Folks are buying the idea that the fight for equality is nothing more than “identity politics” aimed at taking away everyone’s God-given American “freedoms,” by enforcing politically correct speech, and kicking white people out of yoga class.

And it’s absolutely disingenuous. Because while there (probably) isn’t anyone arguing that it should literally be illegal for white people to wear dreadlocks, conservatives are in fact fighting legal battles to protect their “freedom” to discriminate against LGBT people.

So let’s get it straight, at least among us progressives:

The conversation about cultural appropriation has nothing to do with individual freedom. It IS about respect for others, and individual integrity.

Why this conversation matters

Because at its worst, cultural appropriation is a theft of soul.

It's the same theft that has happened to the lands and bodies of people of color, happening to the collective soul of their communities.

That's why it hurts. That's why it matters.

Often the “stuff” of a culture is taken while the people are thrown out, sometimes quite literally. How much does America love black culture, while we jail so many black people?

And this theft has real-world consequences. Chris Newman, a black farmer from Charlottesville, VA wrote about this in a Facebook post addressed to white liberal activists in his area. His post went viral. (Emphasis added)

Second is the sheer degree of cultural appropriation going on with businesses in the city proper. It's little things - e.g. shops and other businesses incorporating wide swaths of hiphop culture into their branding while having not a single Black owner, partner, employee, or vendor. And those businesses are KILLING IT here. This is a town where Blackness advances White-owned brands and subjects Black-owned businesses to inspection by law enforcement. 

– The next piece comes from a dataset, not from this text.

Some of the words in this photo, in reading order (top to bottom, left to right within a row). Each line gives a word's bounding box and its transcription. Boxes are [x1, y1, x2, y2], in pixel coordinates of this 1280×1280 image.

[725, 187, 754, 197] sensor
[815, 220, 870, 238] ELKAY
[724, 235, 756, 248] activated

And there are other consequences. Appropriation is exclusionary to many of the people whose cultures are being used, because it can be so uncomfortable to be around. And progressives who want to build diverse movements really need to hone their instincts around the difference between inclusion and appropriation. 

If you haven’t already, see the movie, “Get Out” to get a sense for how unnerving appropriation can feel. It brilliantly heightens the experience so you feel it w/in a couple hours. A lot of folks live with a lower grade version of it over the course of a lifetime.

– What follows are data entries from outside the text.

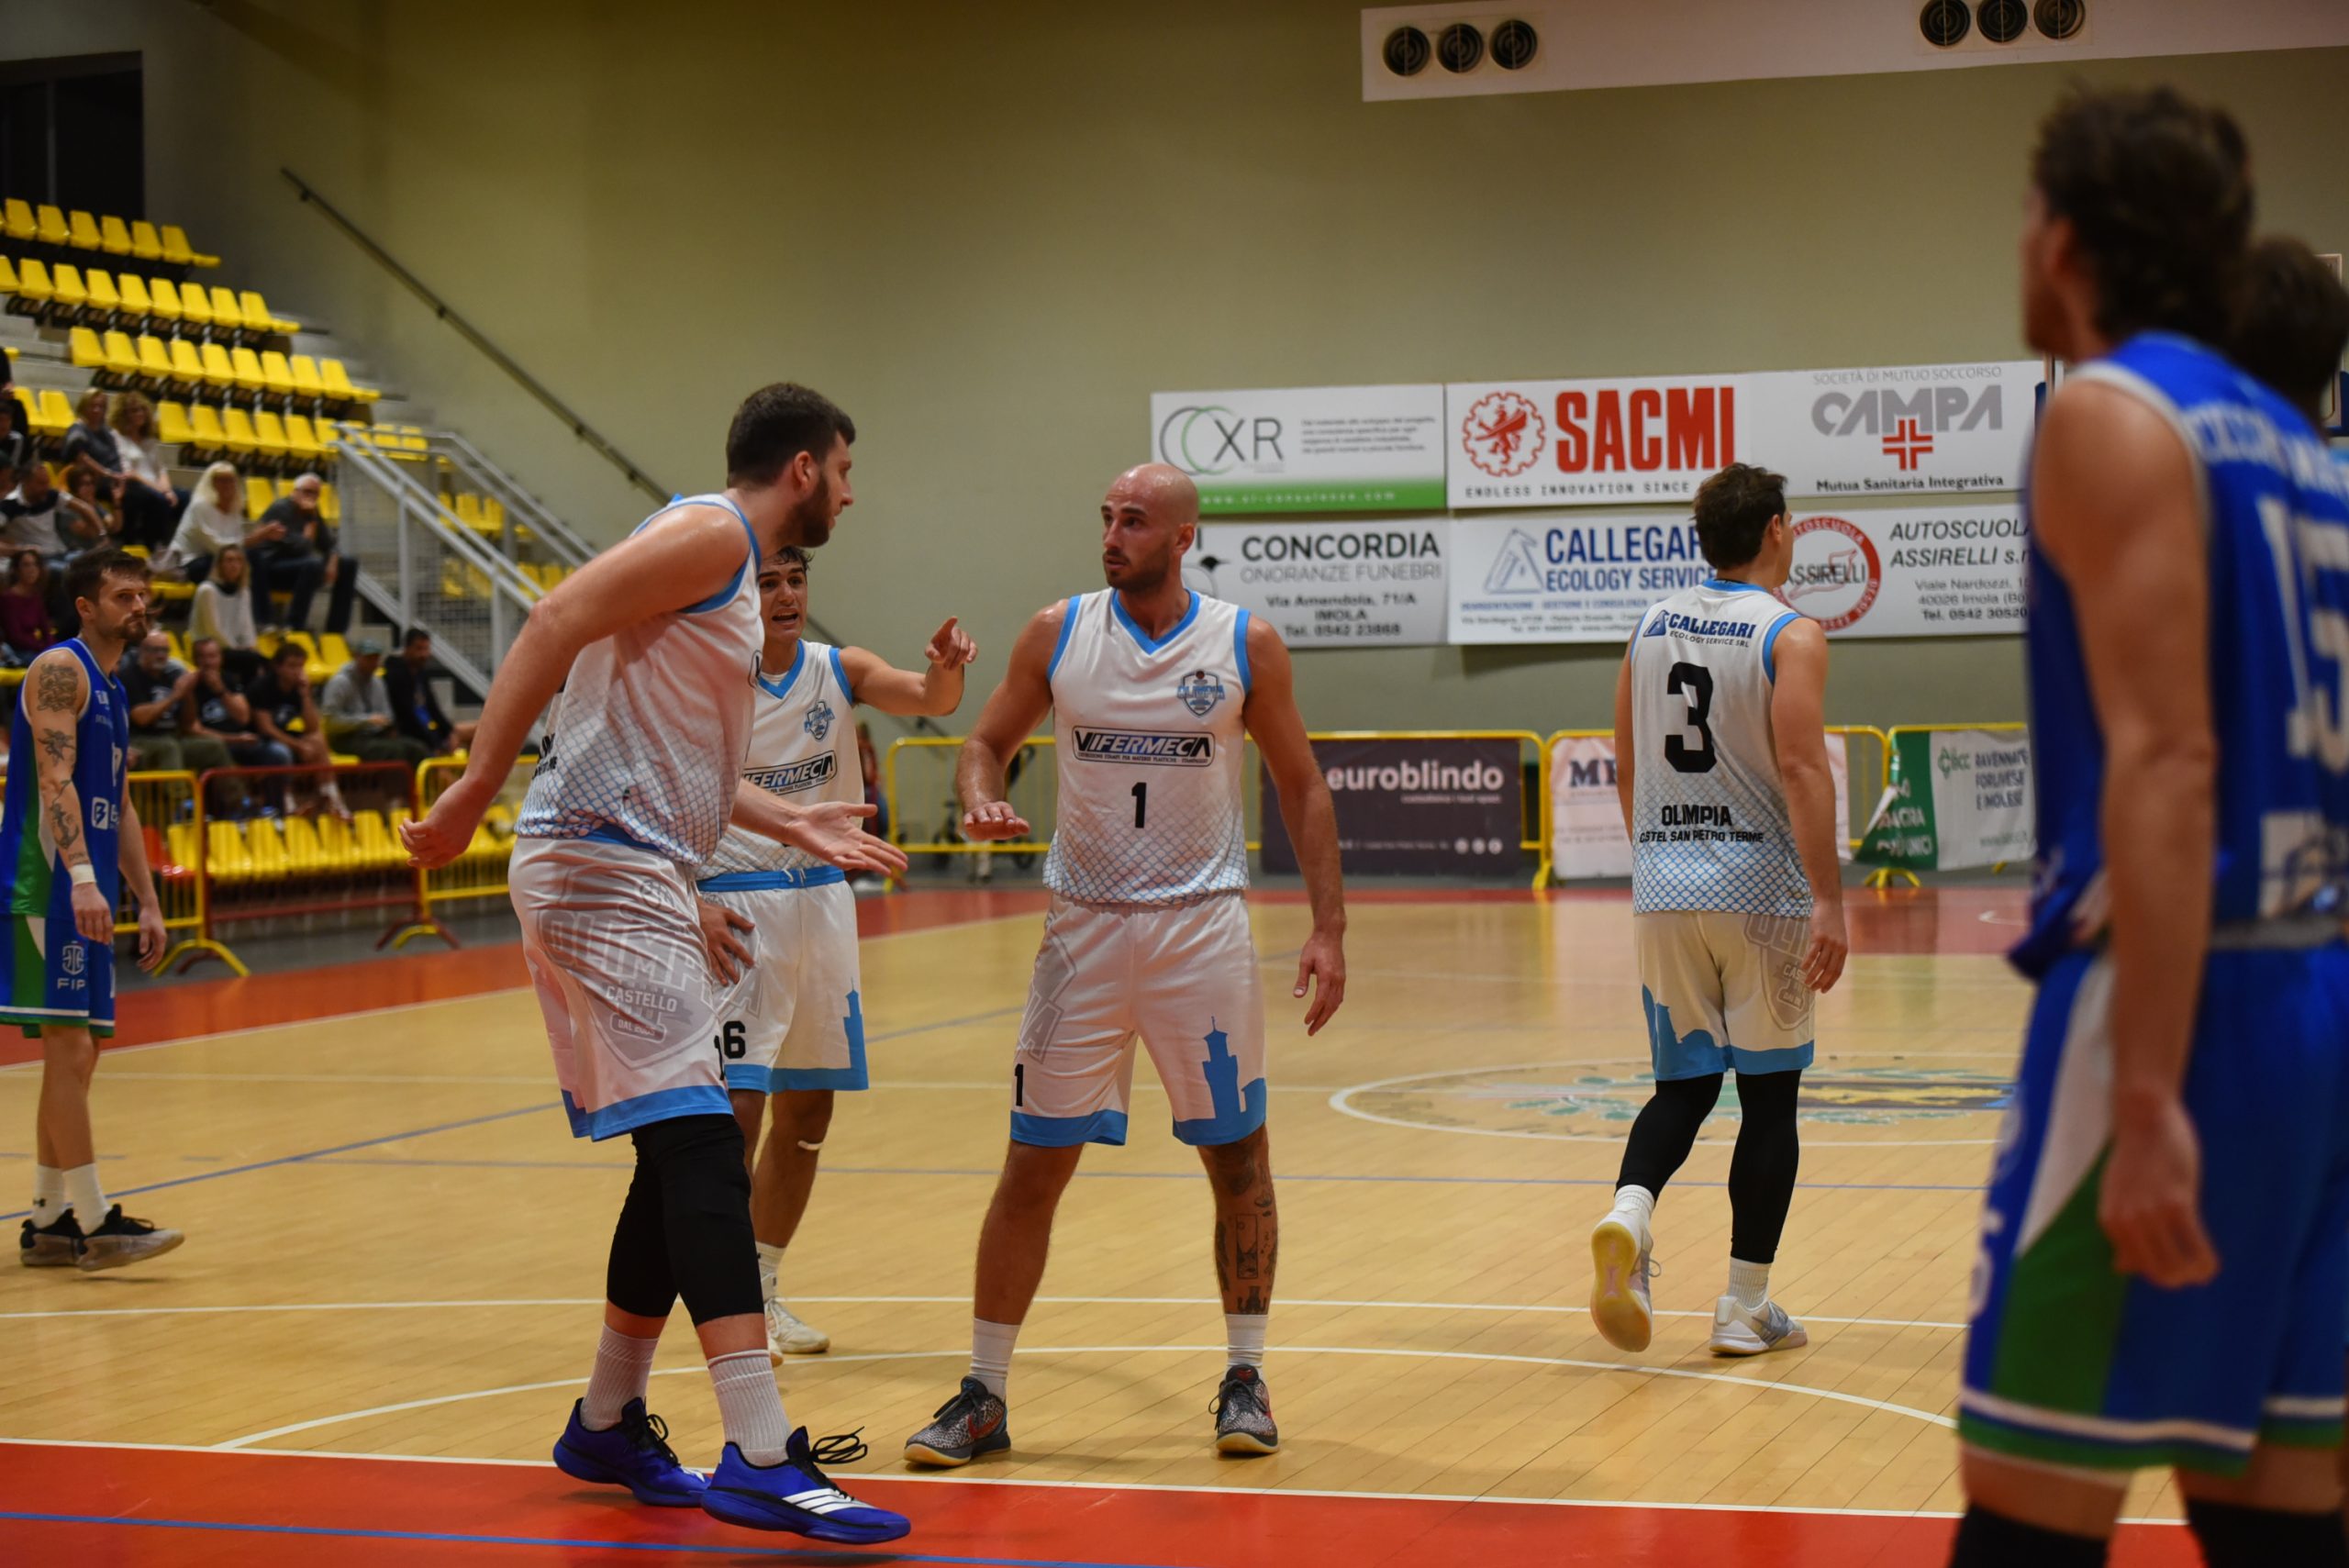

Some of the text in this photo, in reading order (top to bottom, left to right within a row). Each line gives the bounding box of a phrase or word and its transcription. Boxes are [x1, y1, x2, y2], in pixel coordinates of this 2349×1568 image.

[1883, 369, 1930, 383] MUTUO
[1932, 366, 2002, 381] SOCCORSO
[1811, 384, 2003, 437] CAMPA
[1555, 386, 1734, 473] SACMI
[1465, 481, 1689, 498] ENDLESS INNOVATION SINCE
[1816, 473, 2004, 493] Mutua Sanitaria Integrativa
[1241, 532, 1441, 562] CONCORDIA
[1889, 546, 1998, 568] ASSIRELLI
[1240, 562, 1442, 584] ONORANZE FUNEBRI
[1547, 569, 1632, 593] ECOLOGY
[1915, 579, 1947, 592] Viale
[1265, 595, 1290, 607] Via
[1962, 593, 1998, 606] Imola
[1314, 609, 1367, 621] IMOLA
[1948, 607, 1983, 621] 0542
[1668, 613, 1757, 639] CALLEGARI
[1669, 630, 1750, 648] ECOLOGY SERVICE SRL
[1664, 661, 1717, 773] 3
[1074, 730, 1211, 758] VIFERMECA
[1327, 759, 1504, 792] euroblindo
[1131, 782, 1147, 829] 1
[1662, 804, 1733, 827] OLIMPIA
[1670, 829, 1690, 842] SAN
[1729, 831, 1765, 843] TERME
[57, 978, 86, 991] FIP
[606, 984, 678, 1013] CASTELLO
[1014, 1063, 1024, 1107] 1

It also matters because this is a clash between deeply ingrained worldviews.  

When you grow up in America within a community that is on the margins, it can affect the way you see your place in the world.

For me, that meant that growing up, wherever I went, I saw myself and my family as visitors. I was aware that I was always in Rome, and should therefore try and do as the Romans do.

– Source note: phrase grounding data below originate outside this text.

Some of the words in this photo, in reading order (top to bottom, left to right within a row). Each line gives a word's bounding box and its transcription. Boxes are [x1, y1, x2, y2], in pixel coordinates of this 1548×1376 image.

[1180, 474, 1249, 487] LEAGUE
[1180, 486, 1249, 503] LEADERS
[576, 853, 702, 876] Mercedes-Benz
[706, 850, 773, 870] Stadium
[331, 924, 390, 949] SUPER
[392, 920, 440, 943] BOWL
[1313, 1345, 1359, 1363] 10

And America’s dominant culture -- built on the legacy of manifest destiny -- feels something more akin to “the world is our oyster.”

And those are two very different places from which to interact with the world.

For instance, I was raised as a Hindu, but my spirituality has been very influenced by Buddhism. But when I interact with Buddhist culture, I understand myself as a visitor to Buddhism. Buddhism is not my oyster.

And I feel the same way about Christianity. I have seen white people wearing clothes and jewelry bearing the likeness of Ganesh like it’s no biggie, but I could not imagine wearing a Jesus t-shirt, nor would I wear a crucifix around my neck. It would feel too disrespectful.

Those symbols carry a lot of meaning, and they are not for decoration.

This is a clash between two worldviews. One is of personal freedom and entitlement, and the other is of respect and deference.   

Cultural appropriation is one way these worldviews clash. And while it may be hard to see from within the dominant culture, it’s pretty conspicuous for many of us on the margins.

And though we may all have our preferences, I don’t believe there is a right or wrong between these two worldviews.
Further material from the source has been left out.